Sounds too good to be true? Take a look at the numbers. Over 10 weeks, with sessions once per week, LIGHT helped people with chronic diseases experience a 75% decrease in depression, 24% decrease in fatigue, 38% increase in physical quality of life, and a 30% increase in mental quality of life. Continued research has shown interactions in different regions of the brain that could allow the LIGHT team to reverse-engineer the therapy protocol to devise an algorithm for a machine learning platform. Such a breakthrough would allow for the creation of an AI-powered application that could take LIGHT from lab to market and make a better quality of life accessible to a mass population. 

“We want to make stress, anxiety, and depression manageable for first responders, doctors, patients - everyone,” said Jackson. “We want to make a happier world.” 

Jackson originally developed LIGHT to manage the debilitating symptoms of her own multiple sclerosis (MS) diagnosis, an unpredictable, often disabling disease of the central nervous system that disrupts the flow of information within the brain, and between the brain and body. Jackson was told that she would be wheelchair-bound 20 years ago, and she credits her independence and rich quality of life today to LIGHT. 

What’s Happening in the Lab?

The ultimate goal of translational research at the LIGHT lab is to make its benefits accessible to a wider population at a lower cost whenever or wherever it is needed. This can be achieved by reverse-engineering the singular or multimodal biosignal data recorded during the therapy so that education can be developed for practitioners and technology programs can be developed to deliver the therapy where practitioners remain inaccessible due to factors such as time or cost limitations. 

To do this, the lab is collecting biosignal data within an EEG (multimodal) study. Additional biosignals may be collected to expand the scope of available data. The lab has already conducted a test of normal subjects to see how LIGHT affects the brain, and the team was able to take the data, see how many different aspects of the brain were engaged and how this would help to create different algorithmic models. Now the team would like to perform a much larger study with a larger population, including participants that have common underlying symptoms to most chronic and autoimmune conditions such as depression, anxiety, pain, and insomnia that can be addressed by LIGHT. 

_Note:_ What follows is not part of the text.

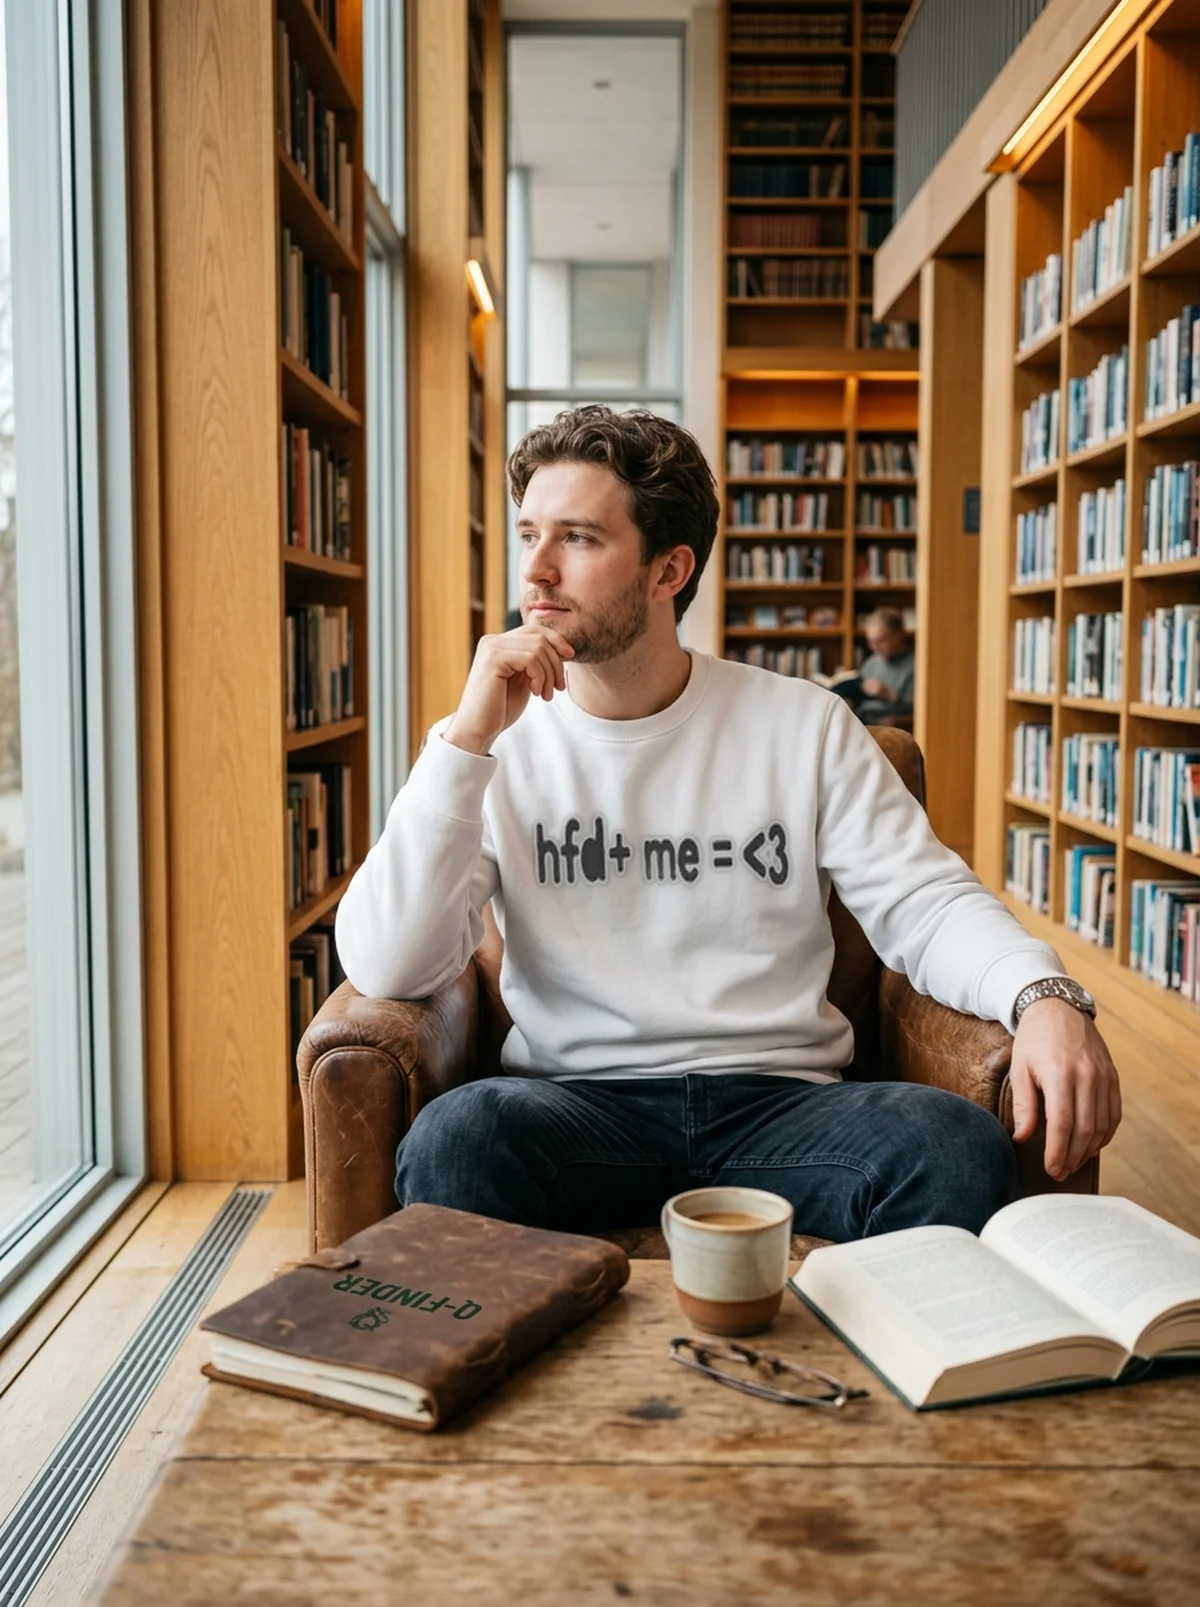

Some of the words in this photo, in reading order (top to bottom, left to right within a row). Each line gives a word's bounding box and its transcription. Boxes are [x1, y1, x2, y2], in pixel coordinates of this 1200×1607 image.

Six in ten adults have a chronic disease in the United States, and the limitations of hard-working Primary Care Physicians don’t often allow much attention to be paid to the impact of those illnesses on a patient’s quality of life. Light-Induced Guided Healing Therapy (LIGHT) has already helped patients with chronic and autoimmune diseases improve their quality of life, and by examining the underlying mechanisms through which it works, technology could make that therapy accessible to the world.

Light-Induced Guided Healing Therapy (LIGHT) is a research-backed mind-body protocol that invokes and engages the full attention of the user toward visualizing the fulfillment of the set goal by accessing their expanding awareness in the safe space designed by the user for the non-judgemental and unlimited exploration of possibilities. 

Individuals with chronic or autoimmune conditions may specifically benefit from using LIGHT to help them refocus their attention toward becoming aware of their body’s shifting needs so they may stay ahead of it, get back in control, and proactively enhance their quality of life.

The first pilot study has a peer-reviewed paper published in the Journal for Evidence-Based Integrative Medicine (JEBIM).